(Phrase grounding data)
'''

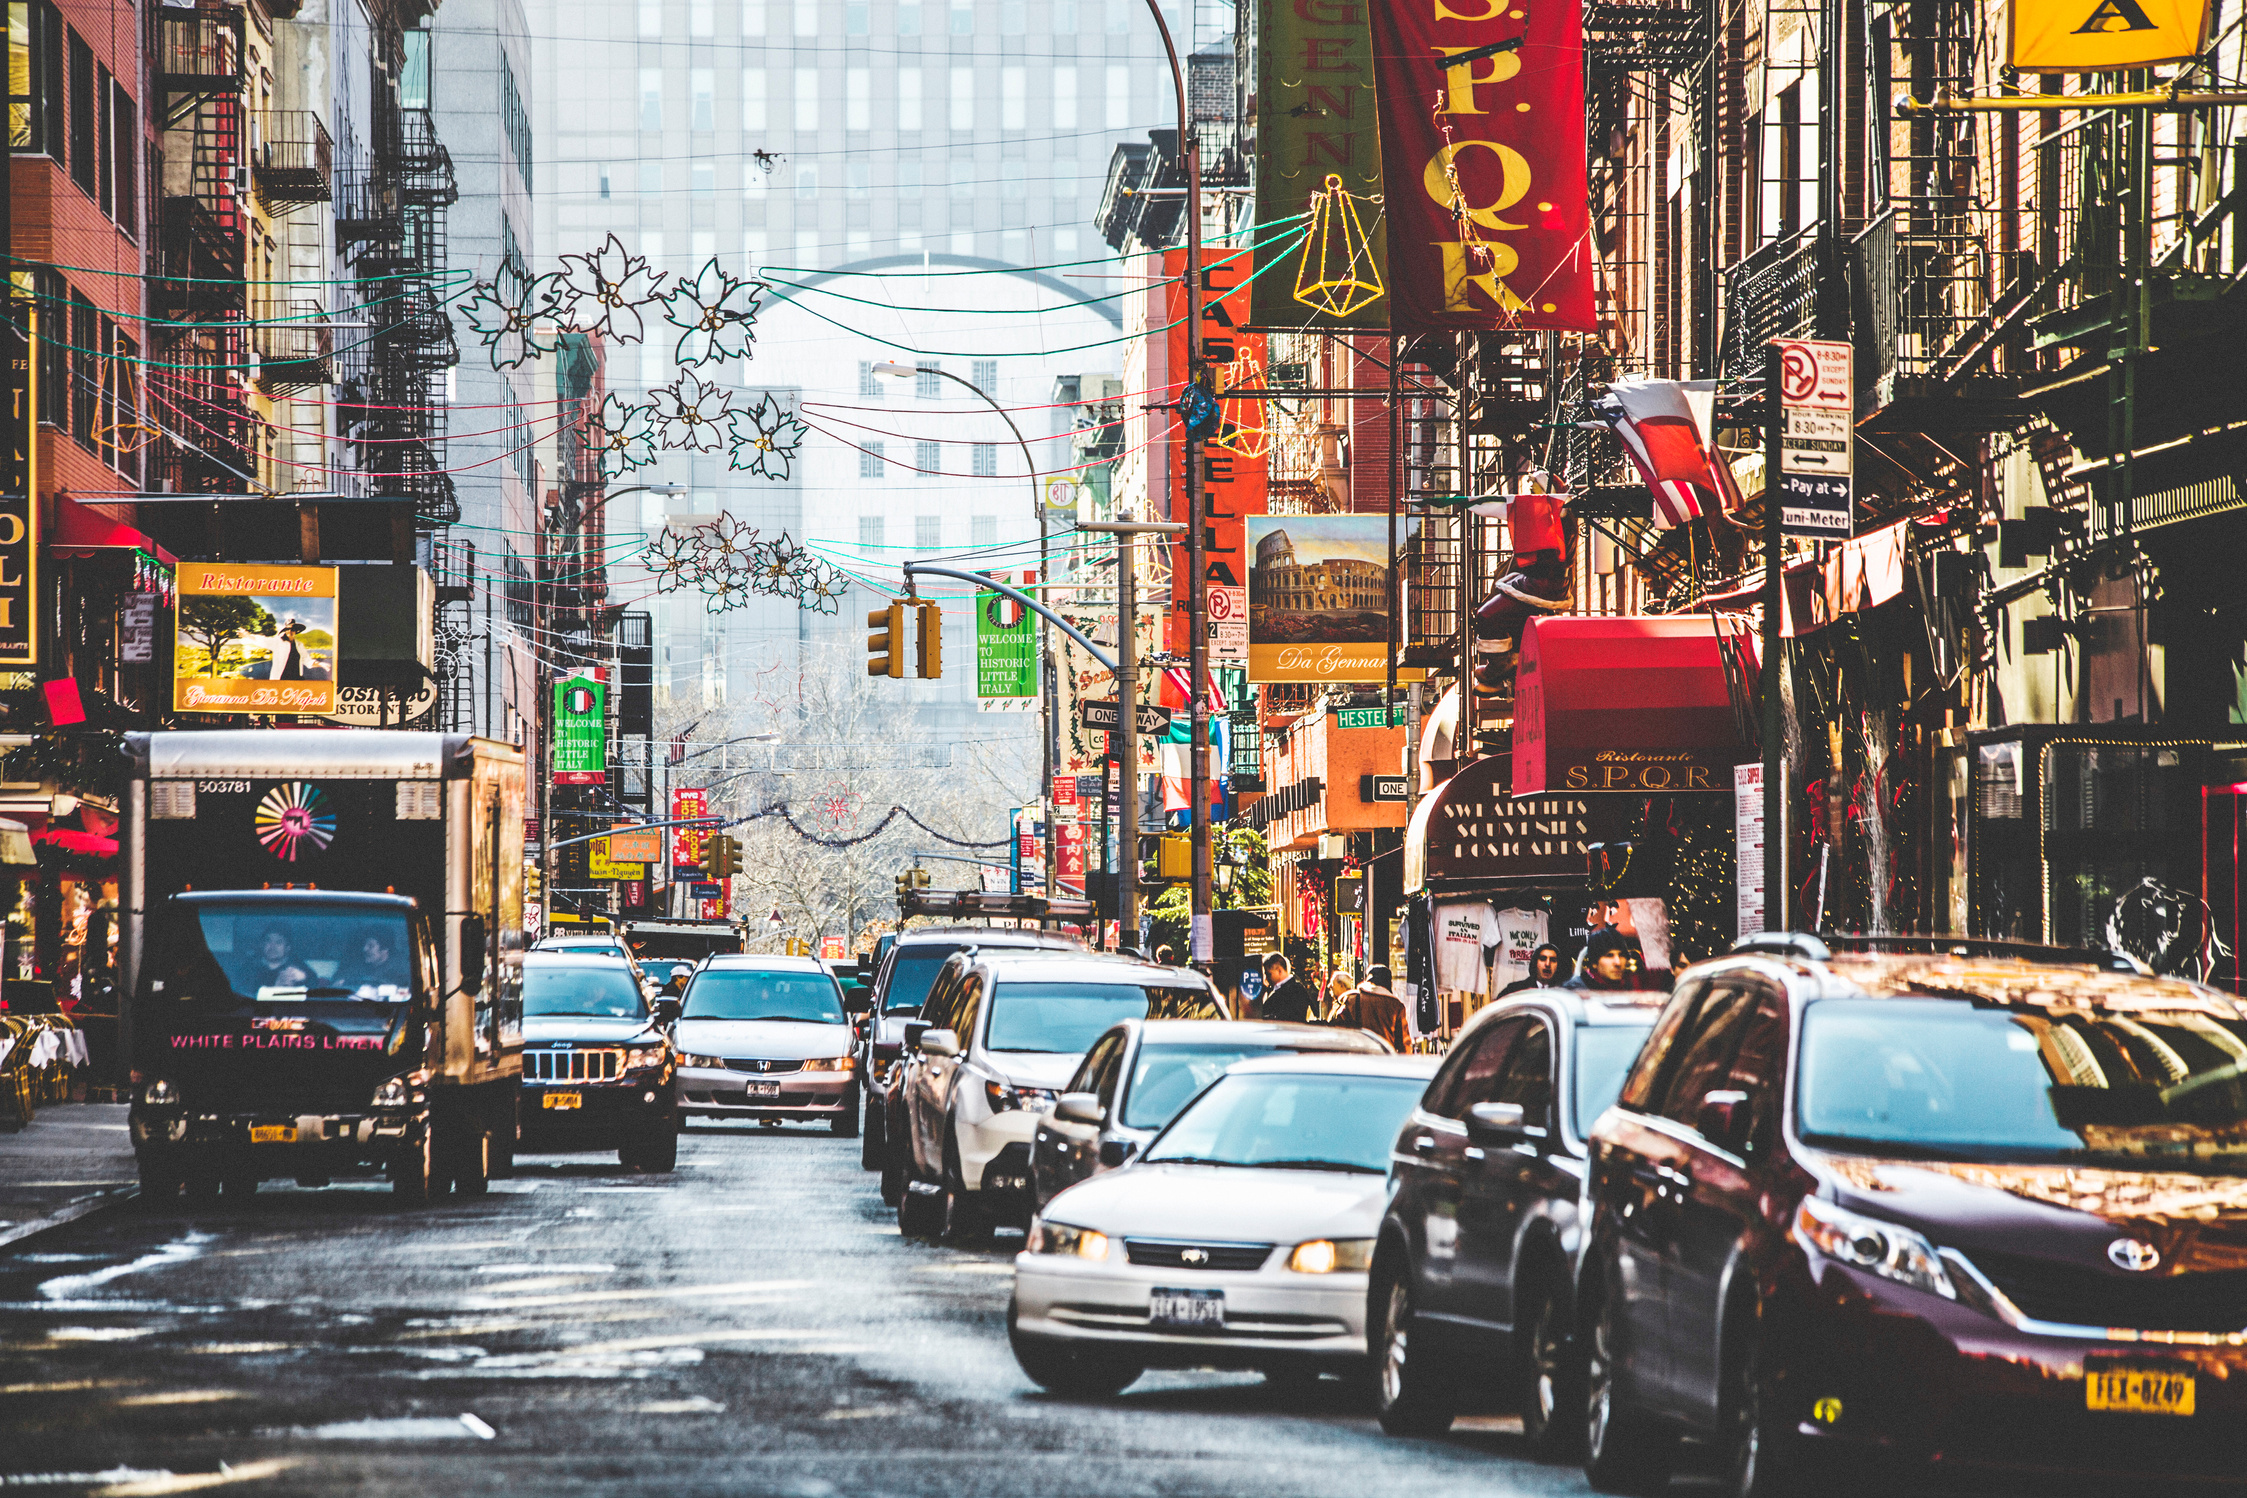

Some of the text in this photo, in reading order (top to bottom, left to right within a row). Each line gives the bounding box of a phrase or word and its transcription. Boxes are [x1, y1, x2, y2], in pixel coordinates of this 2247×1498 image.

[1822, 365, 1846, 374] EXCEPT
[1822, 377, 1846, 385] SUNDAY
[1816, 412, 1847, 421] PARKING
[1782, 438, 1843, 452] XCEPT SUNDAY
[1790, 478, 1830, 497] Pay at
[1782, 509, 1847, 527] uni-Meter
[199, 573, 314, 592] Ristorante
[1209, 623, 1216, 638] 2
[979, 634, 1033, 644] WELCOME
[1229, 639, 1245, 647] SUNDAY
[980, 647, 993, 657] TO
[980, 658, 1030, 668] HISTORIC
[1276, 645, 1388, 675] Da Gennar
[980, 671, 1018, 682] LITTLE
[980, 683, 1012, 694] ITALY
[555, 719, 602, 728] WELCOME
[1094, 709, 1160, 727] ONE WAY
[556, 729, 568, 738] TO
[556, 739, 600, 748] HISTORIC
[556, 749, 589, 759] LITTLE
[1595, 751, 1694, 762] Ristorante
[556, 760, 584, 769] ITALY
[1566, 766, 1721, 789] S.P.Q.R.
[198, 781, 251, 793] 503781
[1382, 783, 1404, 794] ONE
[1448, 919, 1480, 931] SURVIVED
[1448, 931, 1478, 940] ITALIAN
[1520, 930, 1539, 941] ONLY
[1243, 972, 1249, 983] P
[171, 1034, 386, 1050] WHITE PLAINS LINEN

'''

Work instructions
Keeping every word as it is, write out all the data and omit the pictures.

Output
Some of the text in this photo, in reading order (top to bottom, left to right within a row). Each line gives the bounding box of a phrase or word and its transcription. Boxes are [x1, y1, x2, y2], in pixel coordinates of this 2247×1498 image.

[1822, 365, 1846, 374] EXCEPT
[1822, 377, 1846, 385] SUNDAY
[1816, 412, 1847, 421] PARKING
[1782, 438, 1843, 452] XCEPT SUNDAY
[1790, 478, 1830, 497] Pay at
[1782, 509, 1847, 527] uni-Meter
[199, 573, 314, 592] Ristorante
[1209, 623, 1216, 638] 2
[979, 634, 1033, 644] WELCOME
[1229, 639, 1245, 647] SUNDAY
[980, 647, 993, 657] TO
[980, 658, 1030, 668] HISTORIC
[1276, 645, 1388, 675] Da Gennar
[980, 671, 1018, 682] LITTLE
[980, 683, 1012, 694] ITALY
[555, 719, 602, 728] WELCOME
[1094, 709, 1160, 727] ONE WAY
[556, 729, 568, 738] TO
[556, 739, 600, 748] HISTORIC
[556, 749, 589, 759] LITTLE
[1595, 751, 1694, 762] Ristorante
[556, 760, 584, 769] ITALY
[1566, 766, 1721, 789] S.P.Q.R.
[198, 781, 251, 793] 503781
[1382, 783, 1404, 794] ONE
[1448, 919, 1480, 931] SURVIVED
[1448, 931, 1478, 940] ITALIAN
[1520, 930, 1539, 941] ONLY
[1243, 972, 1249, 983] P
[171, 1034, 386, 1050] WHITE PLAINS LINEN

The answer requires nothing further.